L’esposizione nasce da un incontro significativo con ‘Il Quarto Stato’ di Pellizza da Volpedo, opera esposta proprio alla GAM. Come racconta la curatrice Caroline Corbetta, Rondinone ha avuto una vera e propria epifania di fronte al quadro, poiché l’opera era una presenza costante nella sua infanzia, appesa in cucina e associata dal padre, emigrato in Svizzera, alla propria identità di lavoratore e immigrato. Questo spunto autobiografico ha dato vita alla serie ‘The Alphabet of My Mothers and Fathers’.

‘The Alphabet of My Mothers and Fathers’: Omaggio agli antenati

Di fronte a ‘Il Quarto Stato’, è allestito un imponente pannello intitolato ‘The Alphabet of My Mothers and Fathers’. L’opera è composta da strumenti di lavoro d’inizio secolo, recuperati nei mercatini di Long Island e poi dorati.
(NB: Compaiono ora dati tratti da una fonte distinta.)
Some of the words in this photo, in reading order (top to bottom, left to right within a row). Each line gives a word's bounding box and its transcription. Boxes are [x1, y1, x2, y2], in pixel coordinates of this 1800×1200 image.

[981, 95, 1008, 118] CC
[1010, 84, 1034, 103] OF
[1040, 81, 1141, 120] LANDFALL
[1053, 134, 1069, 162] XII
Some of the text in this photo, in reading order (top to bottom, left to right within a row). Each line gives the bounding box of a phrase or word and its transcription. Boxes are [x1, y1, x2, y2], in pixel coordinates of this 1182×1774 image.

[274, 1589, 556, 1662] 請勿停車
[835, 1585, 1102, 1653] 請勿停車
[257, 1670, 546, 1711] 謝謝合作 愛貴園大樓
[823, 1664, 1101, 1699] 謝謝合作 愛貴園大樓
Rondinone spiega che negli anni Venti, l’80% degli agricoltori di Long Island erano immigrati italiani, e l’artista è rimasto colpito nel trovare gli stessi utensili che vedeva a casa dei nonni a Matera. Dorando questi oggetti, Rondinone intende onorare l’amore e il duro lavoro dei suoi antenati.
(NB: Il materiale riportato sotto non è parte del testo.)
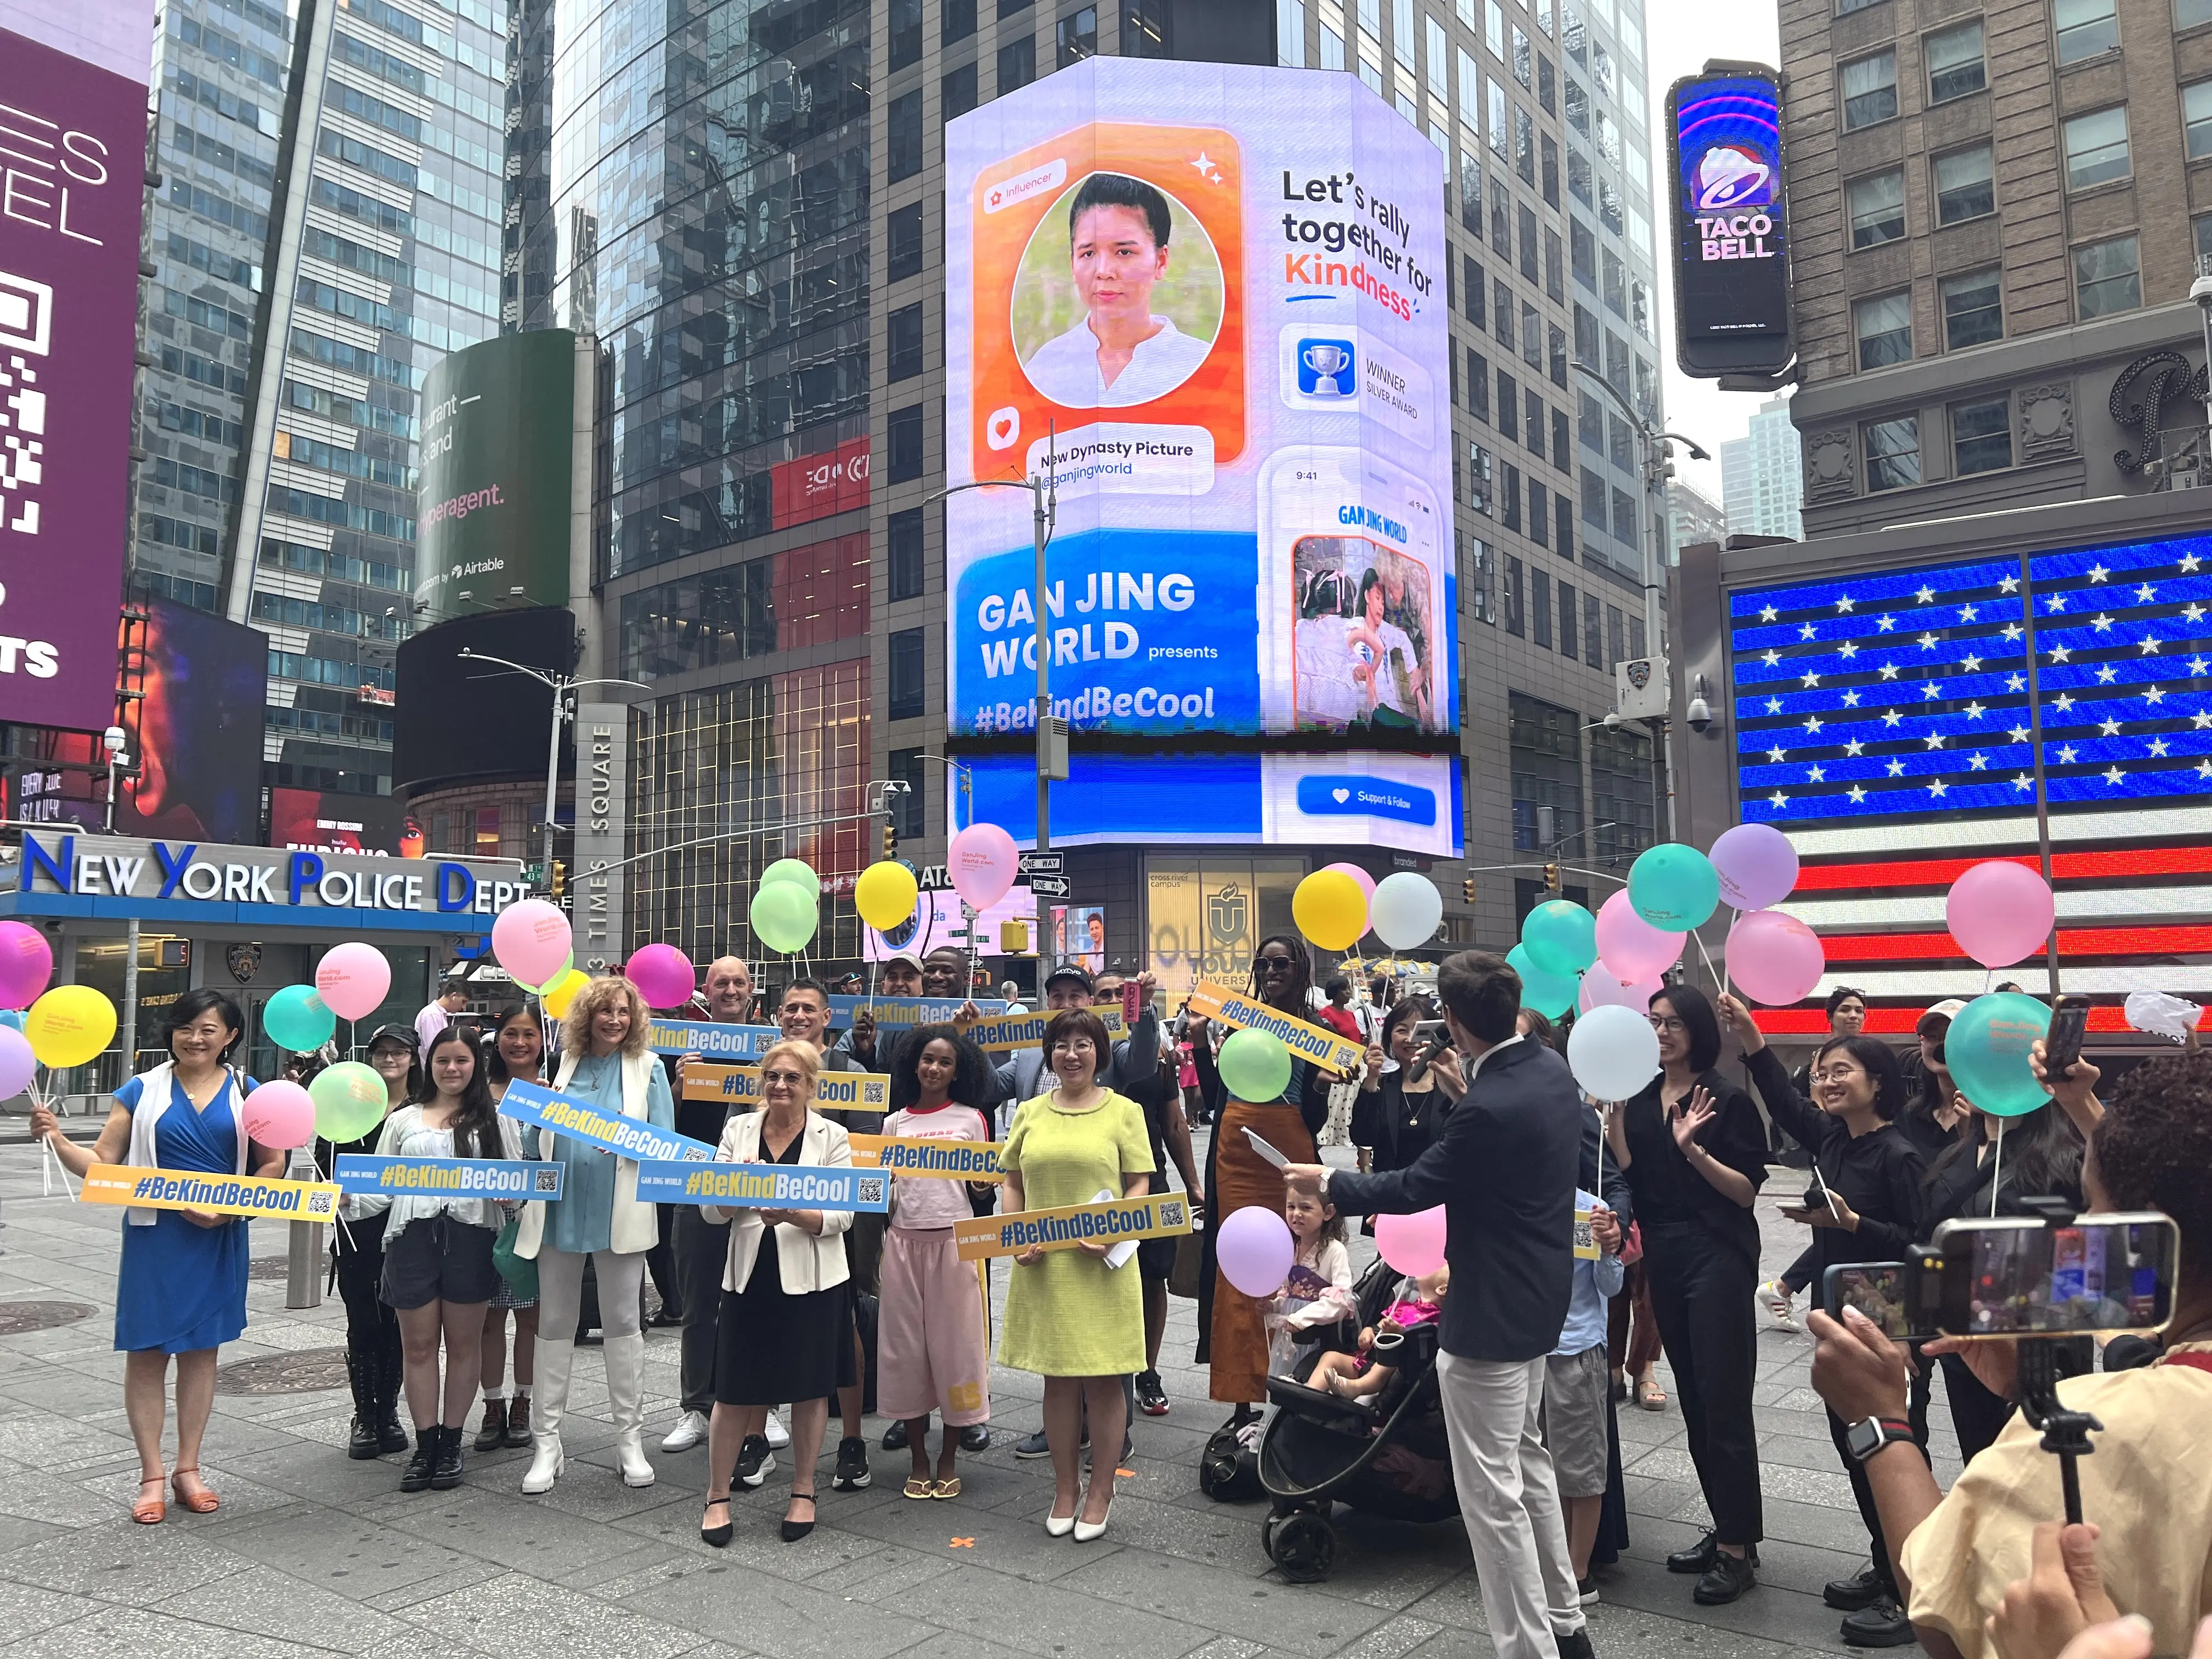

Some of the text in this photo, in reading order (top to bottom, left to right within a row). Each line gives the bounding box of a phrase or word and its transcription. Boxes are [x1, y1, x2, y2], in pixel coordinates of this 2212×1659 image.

[1006, 173, 1052, 198] Influencer
[0, 166, 104, 246] EL
[1283, 171, 1409, 249] Let's rally
[1695, 214, 1772, 239] TACO
[1282, 213, 1432, 297] together for
[1702, 237, 1773, 261] BELL
[1285, 253, 1410, 321] Kindness
[1367, 358, 1406, 395] WINNER
[1367, 381, 1418, 419] SILVER AWARD
[430, 426, 452, 460] and
[1041, 441, 1193, 468] New Dynasty Picture
[1042, 463, 1132, 490] @ganjingworld
[1296, 472, 1317, 480] 9:41
[1339, 506, 1407, 544] GAN JING WORLD
[442, 572, 448, 583] by
[464, 557, 504, 575] Airtable
[978, 572, 1195, 631] GAN JING
[981, 621, 1218, 679] WORLD presents
[1358, 791, 1410, 809] Support & Follow
[317, 819, 363, 831] EMMY ROSSUM
[587, 726, 611, 970] 3 TIMES SQUARE
[1042, 859, 1057, 868] WAY
[1394, 856, 1417, 867] branded
[21, 831, 146, 896] NEW
[151, 842, 278, 902] YORK
[289, 851, 423, 911] POLICE
[1035, 881, 1062, 891] ONE WAY
[481, 966, 511, 980] CH
[966, 1019, 1048, 1045] #BeKindB
[1219, 999, 1334, 1059] #BeKindBeCool
[507, 1093, 681, 1160] GAN JING WORLD #BeKindBeCool
[133, 1176, 302, 1211] #BeKindBeCool
[380, 1164, 529, 1192] #BeKindBeCool
[641, 1170, 850, 1203] GAN JING WORLD #BeKindBeCool
[959, 1204, 1153, 1248] GAN JING WORLD #BeKindBeCool
Radici nella terra: Ulivi monumentali e sculture di nudi

Il legame con la terra è ulteriormente esplorato attraverso quattro monumentali sculture di ulivi, realizzate in alluminio a partire da calchi di alberi secolari provenienti dall’uliveto di Rondinone vicino a Matera. A completare l’esposizione, sculture di giovani nudi, modellate con terra proveniente da tutti i continenti e mescolata a cera, che instaurano un dialogo con le opere della GAM.

‘Terrone’: Da insulto a rivendicazione poetica

Il titolo della mostra, ‘Terrone’, è una dichiarazione d’intenti. Rondinone rivendica il termine, spesso usato come insulto e strumento di oppressione, trasformandolo in un elogio delle persone che lavorano e amano la terra. L’artista invita a riappropriarsi della parola, ripulirla e utilizzarla per illuminare coloro che sono stati offesi, restituendola al suo significato originario.
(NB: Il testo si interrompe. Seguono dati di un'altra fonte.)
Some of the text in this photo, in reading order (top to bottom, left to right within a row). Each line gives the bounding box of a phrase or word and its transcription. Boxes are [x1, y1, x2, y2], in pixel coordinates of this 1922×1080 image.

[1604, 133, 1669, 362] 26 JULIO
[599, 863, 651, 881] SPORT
Un’esplorazione profonda delle radici e dell’identità

La mostra ‘Terrone’ di Ugo Rondinone alla GAM di Milano è un’esplorazione profonda delle radici, dell’identità e del rapporto con la terra. Attraverso un linguaggio artistico potente e simbolico, Rondinone trasforma un termine dispregiativo in un atto di amore e rispetto per il lavoro manuale e le tradizioni contadine, offrendo una riflessione sulla storia dell’emigrazione italiana e sulla ricchezza culturale che essa ha generato.